What composes alien life? New study reveals, unlike humans they may not be carbon-based
Study finds self-sustaining chemical reactions that could support alien life forms, beyond Earth's organic compounds.
A groundbreaking study has highlighted the possibility of self-sustaining chemical reactions capable of supporting alien life vastly different from that present on earth. While Earth's biology hinges on organic compounds, comprised mainly of carbon along with elements like hydrogen, oxygen, nitrogen, phosphorus, and sulphur, scientists feel alternative chemical frameworks could give rise to alien life forms.
In this innovative study, scientists sought autocatalytic reactions beyond the realm of organic compounds, speculating that such reactions could have driven abiogenesis, the emergence of life from non-life. They delved in on a specific type of chemical process known as "comproportionation cycles," which can yield multiple copies of a molecule and employ these products as catalysts for the same cycle, effectively achieving autocatalysis.

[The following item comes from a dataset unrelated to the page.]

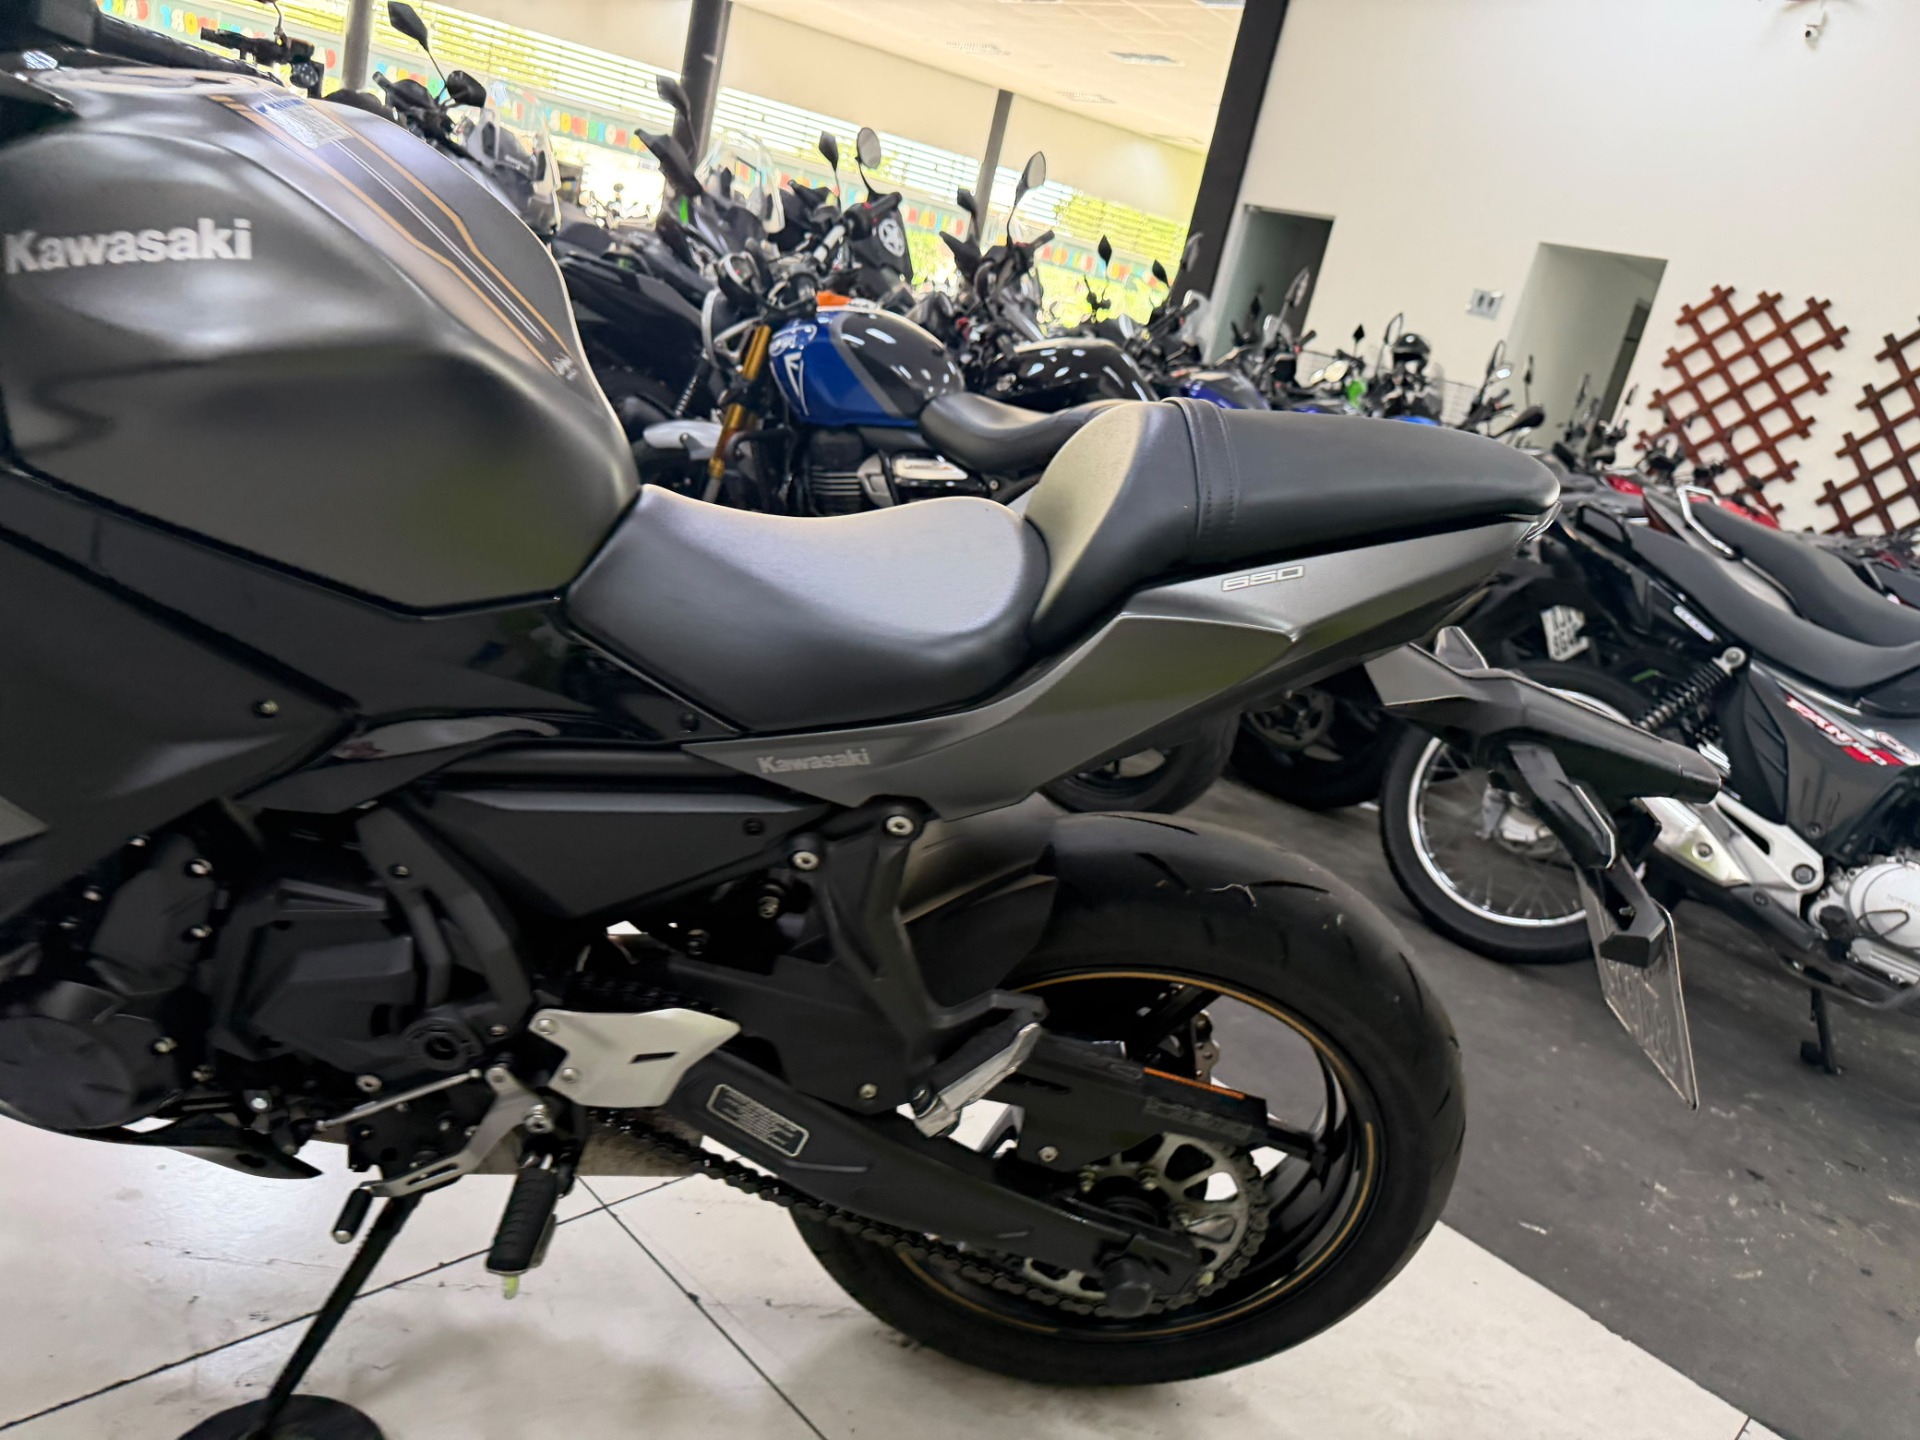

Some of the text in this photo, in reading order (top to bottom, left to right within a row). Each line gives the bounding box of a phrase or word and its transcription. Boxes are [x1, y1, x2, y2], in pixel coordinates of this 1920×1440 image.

[4, 217, 253, 275] Kawasaki
[1221, 564, 1305, 592] 650
[757, 748, 871, 773] Kawasaki

Autocatalysis, a chemical interaction that perpetuates itself by generating molecules is a concept central to life on our planet. Think of it as a population of rabbits growing exponentially – pairs of rabbits produce litters, and the cycle continues, leading to a proliferation of rabbits.
Betül Kaçar, an astrobiologist, bacteriologist, and evolutionary biologist at the University of Wisconsin-Madison is quoted on space.com explaining that ‘one of the major reasons that origin-of-life researchers care about autocatalysis is because reproduction — a key feature of life — is an example of autocatalysis. Life catalyzes the formation of more life. One cell produces two cells, which can become four and so on. As the number of cells multiply, the number and diversity of possible interactions multiplies accordingly.’

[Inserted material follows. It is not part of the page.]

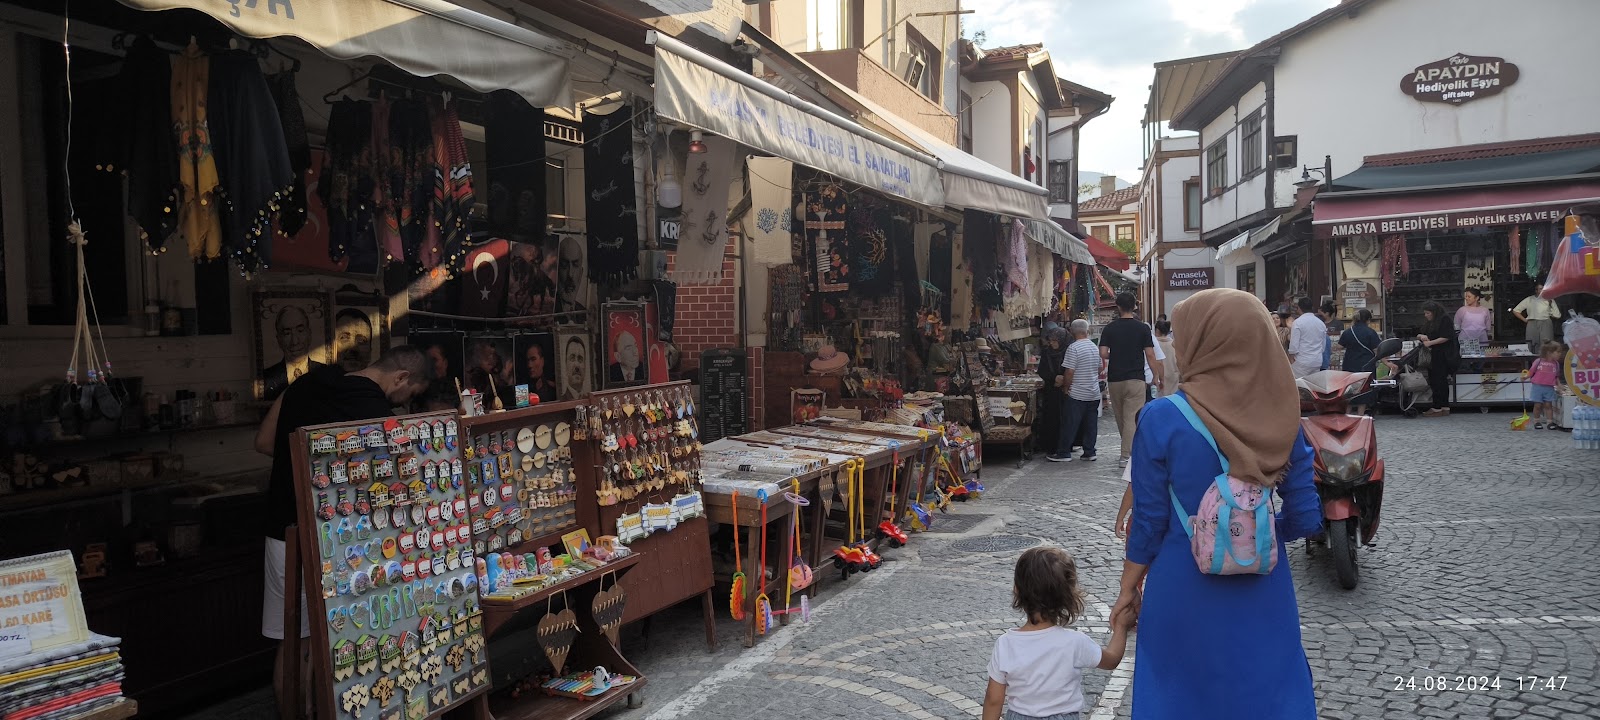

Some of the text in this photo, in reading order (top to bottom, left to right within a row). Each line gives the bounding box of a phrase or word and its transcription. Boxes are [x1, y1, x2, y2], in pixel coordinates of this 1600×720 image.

Zhen Peng, an evolutionary biologist at the University of Wisconsin-Madison and the lead author of the study, likens comproportionation cycles to reproduction due to their capacity to generate multiples of an output.
To identify these reactions, researchers analysed over two centuries' worth of digitized scientific literature in various languages, making use of advanced language search and translation tools. The outcome was astonishing: they uncovered 270 different cycles of autocatalytic reactions. These cycles often deviated from the organic compounds typical on Earth, occasionally involving elements like mercury, thorium, and even noble gases such as xenon. Some cycles were conditioned by extreme temperatures or pressures.
Remarkably, even relatively inert gases like xenon participated in autocatalysis. This revelation hinted at the potential prevalence of autocatalysis across a broader spectrum of elements.
Of the 270 cycles discovered, only eight were complex, composed of four or more reactions. The majority consisted of simple, two-reaction cycles, which defied the conventional belief that such reactions are exceedingly rare.
Kaçar noted, "It was thought that these sorts of reactions are very rare. We are showing that it's actually far from rare. You just need to look in the right place."
Researchers suggested that combining multiple cycles, even when starkly different, could generate self-sustaining chemical reactions producing a diverse array of molecules, thus fostering complexity.
Kaçar states a shift in research focus toward understanding how autocatalysis, specifically through comproportionation, shapes a planet's chemistry. The research team anticipates that future experimentation will test the practical applicability of their findings.
The groundbreaking findings were published in the Journal of the American Chemical Society on September 18th.